Tribunal Administratif de Cergy-Pontoise — Décision N° TA95-2523681

vendredi 26 décembre 2025

JuridictionTribunal Administratif de Cergy-Pontoise
SectionTribunal Administratif de Cergy-Pontoise
N° DossierTA95-2523681
TypeDécision
RecoursExcès de pouvoir
PublicationD
Avocat requérantROSIN

Résumé IA

Le Tribunal administratif de Cergy-Pontoise, statuant en référé sur le fondement de l'article L. 521-1 du code de justice administrative, a suspendu l'exécution de la décision implicite de refus de renouvellement de titre de séjour opposée à Mme A..., ressortissante marocaine. Le juge a estimé que la condition d'urgence était présumée et établie, la requérante étant en situation de précarité et exposée à un risque d'éloignement. Il a également retenu l'existence d'un doute sérieux quant à la légalité de la décision, en raison d'une méconnaissance des articles L. 423-1 et suivants du code de l'entrée et du séjour des étrangers et du droit d'asile, ainsi que de l'article 8 de la Convention européenne des droits de l'homme. Le tribunal a enjoint au préfet de réexaminer la situation de Mme A. sous quinze jours et de lui délivrer une autorisation provisoire de séjour avec droit au travail sous 48 heures, sous astreinte.

Texte intégral

Vu la procédure suivante :

Par une requête enregistrée le 11 décembre 2025, Mme B... A..., représentée par Me Rosin, demande à la juge des référés, sur le fondement de l’article L. 521-1 du code de justice administrative :

1°) de suspendre l’exécution de la décision implicite de refus née du silence gardé par le préfet des Hauts-de-Seine sur sa demande de renouvellement de titre de séjour ;

2°) d’enjoindre au préfet territorialement compétent, d’une part, de réexaminer sa situation dans le délai de quinze jours à compter de la notification de l’ordonnance à intervenir sous astreinte de 300 euros par jour de retard d’autre part, de la munir d’une autorisation provisoire de séjour l’autorisant à travailler dans un délai de quarante huit heures à compter de la notification de l’ordonnance à intervenir sous astreinte de 300 euros par jour de retard ;

3°) de mettre à la charge de l’Etat la somme de 2 000 euros en application des dispositions de l’article L. 761-1 du code de justice administrative.


Elle soutient que :

- la condition d’urgence est présumée et est établie dès lors que, d’une part, elle a sollicité le renouvellement de son titre portant la mention « vie privée et familiale », d’autre part, elle est placée en situation de précarité depuis l’expiration le 25 août 2025 de son autorisation de prolongation d’instruction et risque de faire l’objet d’un placement en retenue administrative et d’une mesure d’éloignement
- il existe des moyens propres à créer un doute sérieux quant à la légalité de la décision attaquée dès lors que :
elle est insuffisamment motivée ;
elle méconnaît les dispositions des articles L. 423-1, L. 423-3 et L. 423-6 du code de l’entrée et du séjour des étrangers et du droit d’asile ;
elle méconnait les stipulations de l’article 8 de la convention européenne de sauvegarde des droits de l’homme et des libertés fondamentales ;
elle est entachée d’une erreur manifeste dans l’appréciation de ses conséquences sur sa situation personnelle.

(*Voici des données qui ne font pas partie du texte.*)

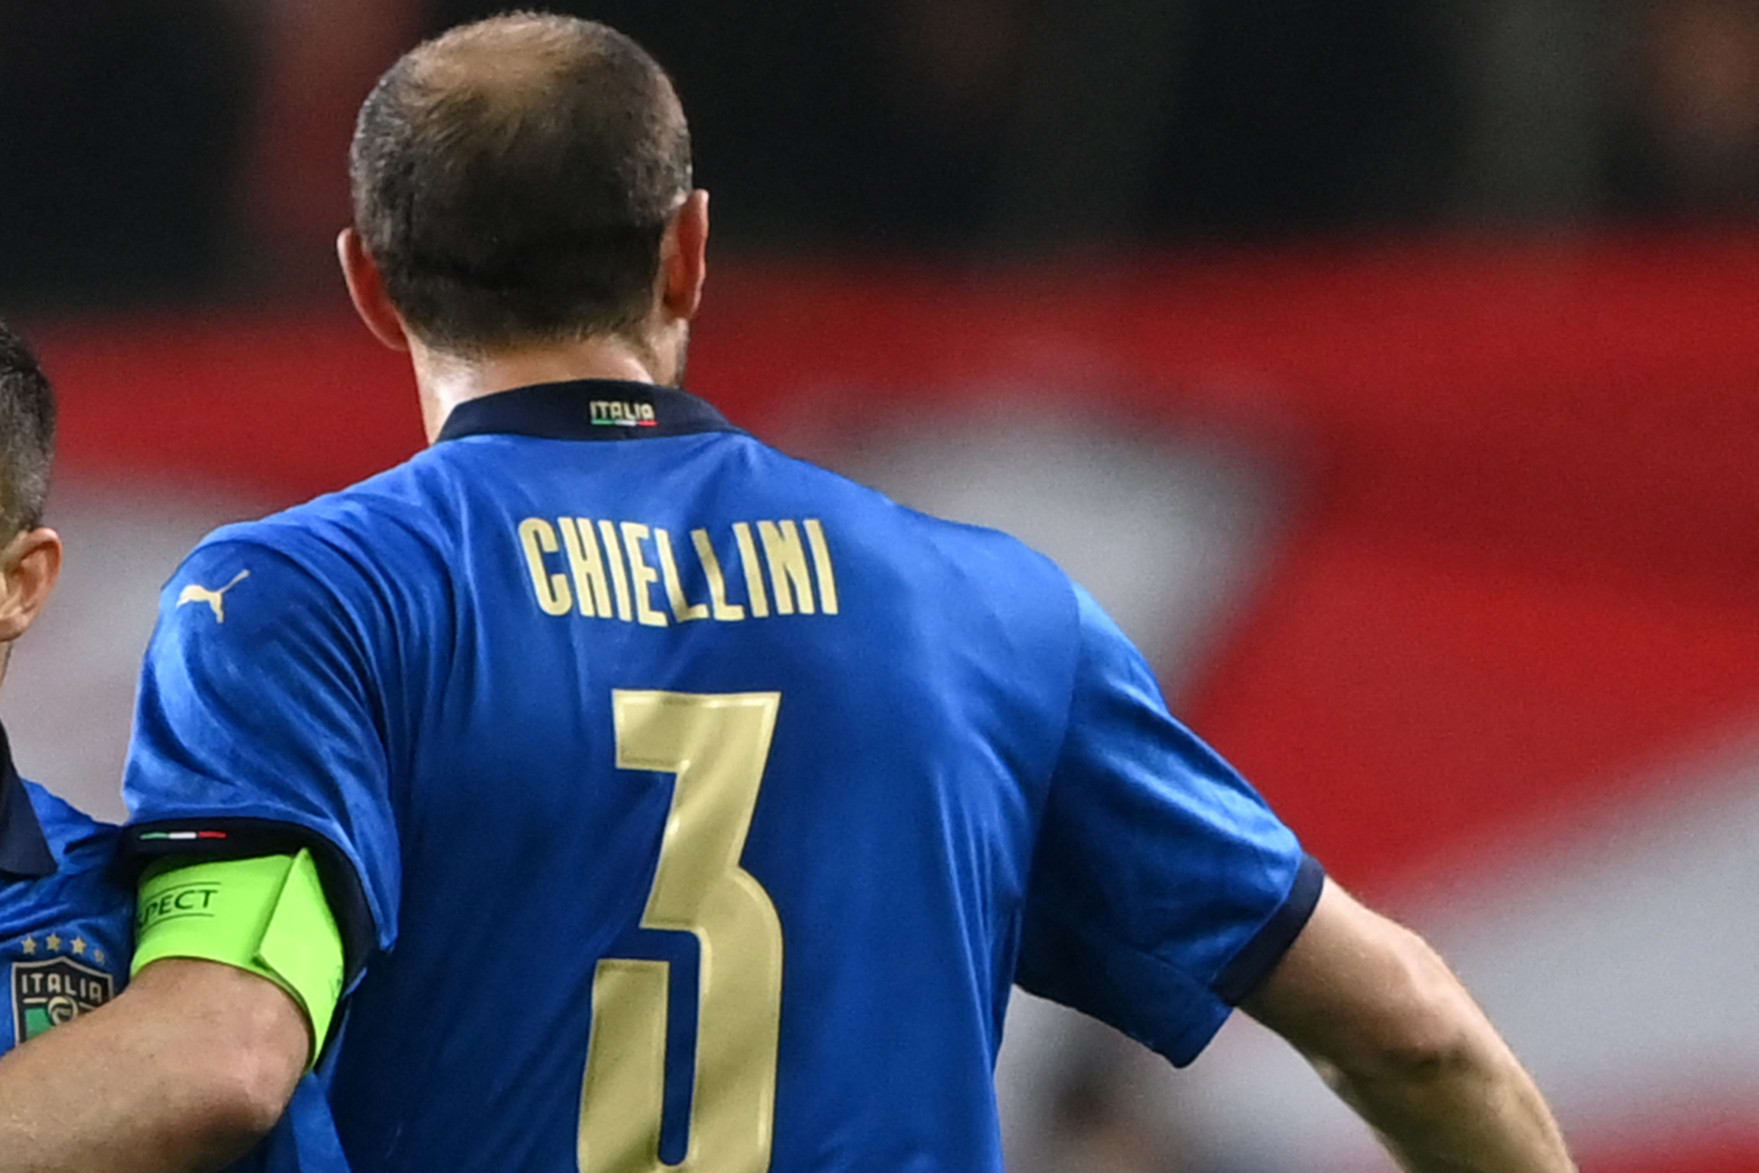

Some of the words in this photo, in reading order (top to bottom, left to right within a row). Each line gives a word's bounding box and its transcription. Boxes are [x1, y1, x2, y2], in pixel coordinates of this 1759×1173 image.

[590, 401, 656, 421] ITALIA
[518, 516, 838, 627] CHIELLINI
[21, 972, 103, 1004] ITALIA
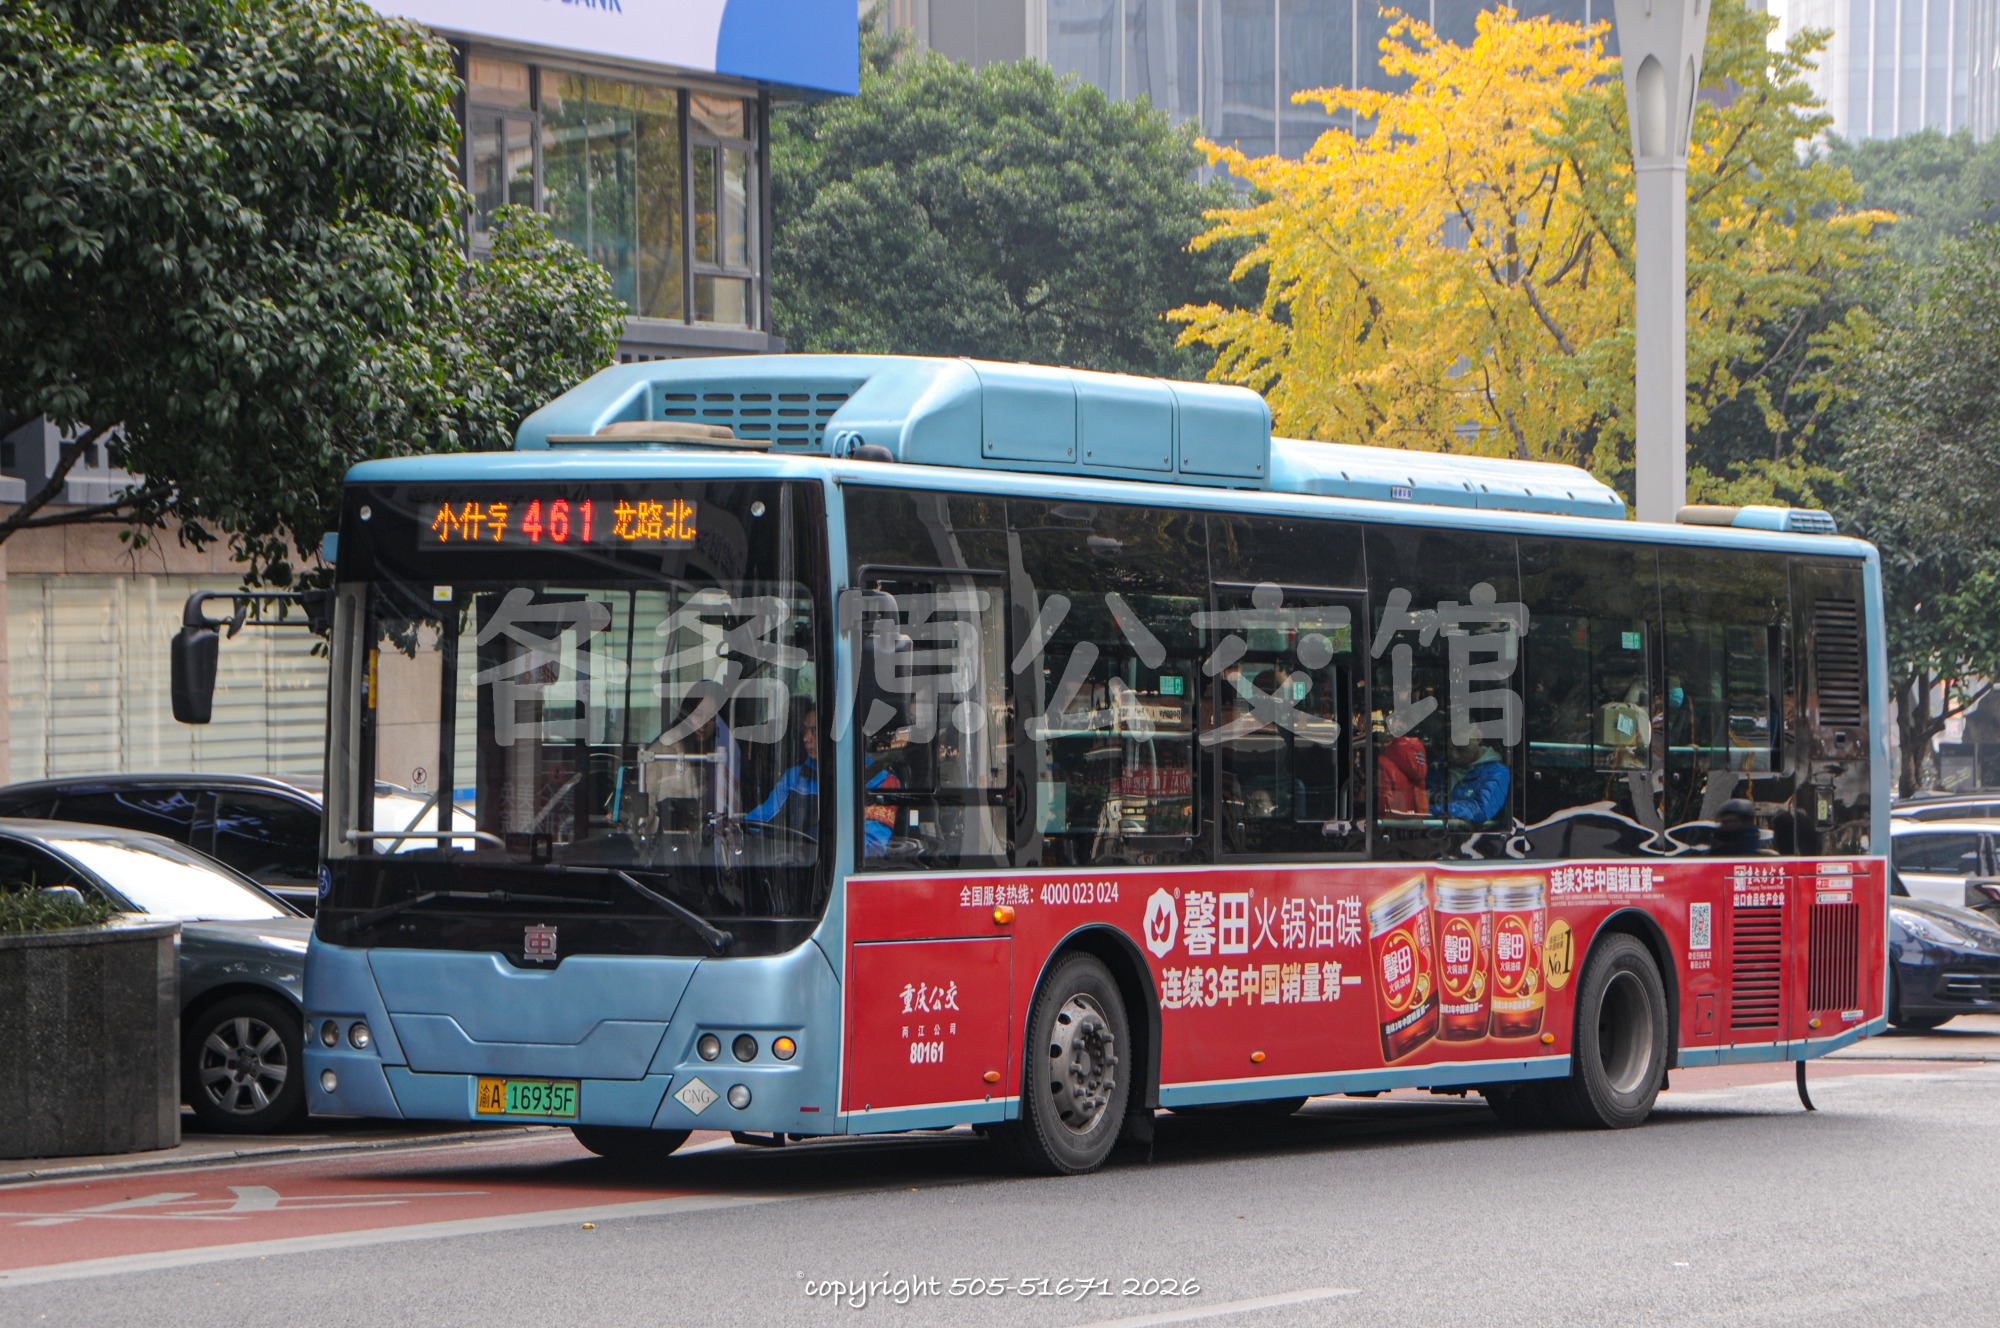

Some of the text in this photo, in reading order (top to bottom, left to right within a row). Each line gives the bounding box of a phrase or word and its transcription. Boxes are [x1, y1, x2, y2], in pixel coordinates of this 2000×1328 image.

[522, 500, 593, 542] 461
[613, 499, 697, 540] 龙路北
[1040, 883, 1070, 904] 4000
[1072, 882, 1094, 904] 023
[1096, 882, 1119, 903] 024
[1550, 866, 1664, 894] 连续3年中国销量第一
[1734, 892, 1785, 907] 出口食品生产企业
[1183, 890, 1249, 956] 馨田
[1252, 895, 1361, 950] 火锅油碟
[1444, 934, 1471, 963] 馨田
[1497, 932, 1524, 960] 馨田
[1383, 945, 1412, 983] 馨田
[899, 980, 960, 1014] 重庆公交
[1159, 961, 1361, 1009] 连续3年中国销量第一
[902, 1022, 957, 1038] 两江公司
[910, 1041, 944, 1064] 80161
[682, 1089, 710, 1104] CNG
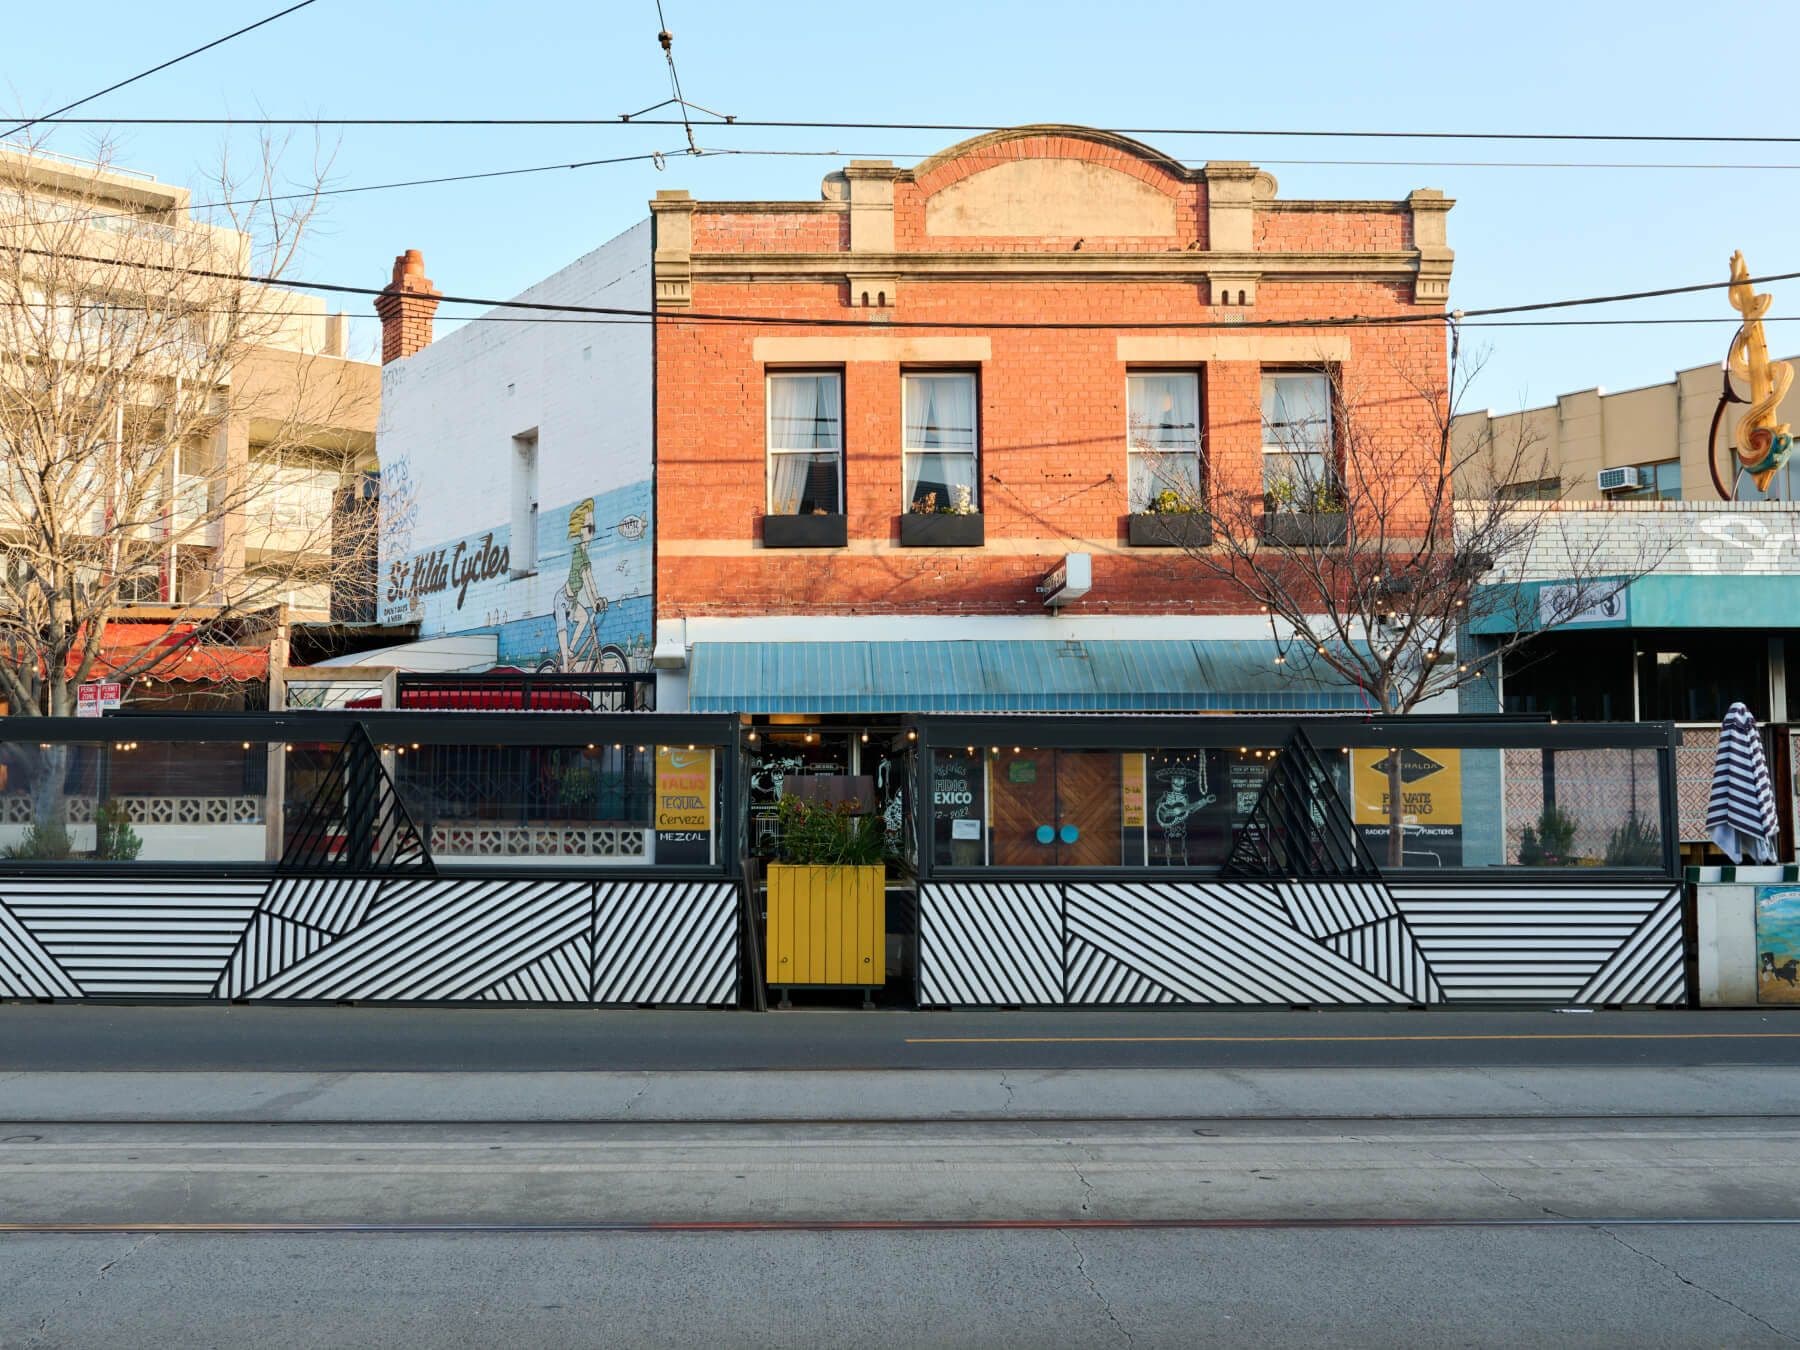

La requête a été communiquée au préfet des Hauts-de Seine qui n’a pas produit de mémoire en défense.
Vu :

- les autres pièces du dossier ;
- la requête n°2523680, enregistrée le 11 décembre 2025, par laquelle Mme A... demande l’annulation de la décision.

Vu :
- la convention européenne de sauvegarde des droits de l’homme et des libertés fondamentales ;
- le code de l’entrée et du séjour des étrangers et du droit d’asile ;
- le code de justice administrative.


Le président du tribunal a désigné Mme Rolin, en application des dispositions de l’article L. 511-2 du code de justice administrative, pour statuer sur les requêtes en référé.

Les parties ont été régulièrement convoquées à l’audience du 23 décembre 2025 à 14 heures.

Ont été entendus au cours de l’audience publique, tenue en présence de Mme Soulier, greffière d’audience,
le rapport de Mme Rolin, juge des référés,
les observations de Me de Sèze se substituant à Me Rosin qui maintient ses conclusions et moyens qu’il précise,
le préfet des Hauts de Seine n’étant ni présent ni représenté.

La clôture de l’instruction a été prononcée à l’issue de l’audience.


Considérant ce qui suit :
1. Mme B... A..., ressortissante marocaine née le 19 janvier 1997, entrée en France sous-couvert d’un visa long séjour valant titre de séjour, a bénéficié d’une carte de séjour portant la mention « vie privée et familiale » valable du 26 juin 2023 au 25 juin 2025. Elle est mariée depuis le 14 février 2022 à un ressortissant français, avec lequel elle a eu une enfant née le 23 avril 2023. Le 6 mars 2025, elle a sollicité le renouvellement de son titre de séjour sur le site de l’administration numérique des étrangers en France (ANEF). Une décision implicite de rejet est née du fait du silence gardé par l’administration le 6 juillet 2025. Par la présente requête, Mme A... demande à la juge des référés, statuant sur le fondement des dispositions de l’article L. 521-1 du code de justice administrative, d’ordonner la suspension de l’exécution de la décision implicite par laquelle le préfet des Hauts-de-Seine a rejeté sa demande de renouvellement de titre de séjour.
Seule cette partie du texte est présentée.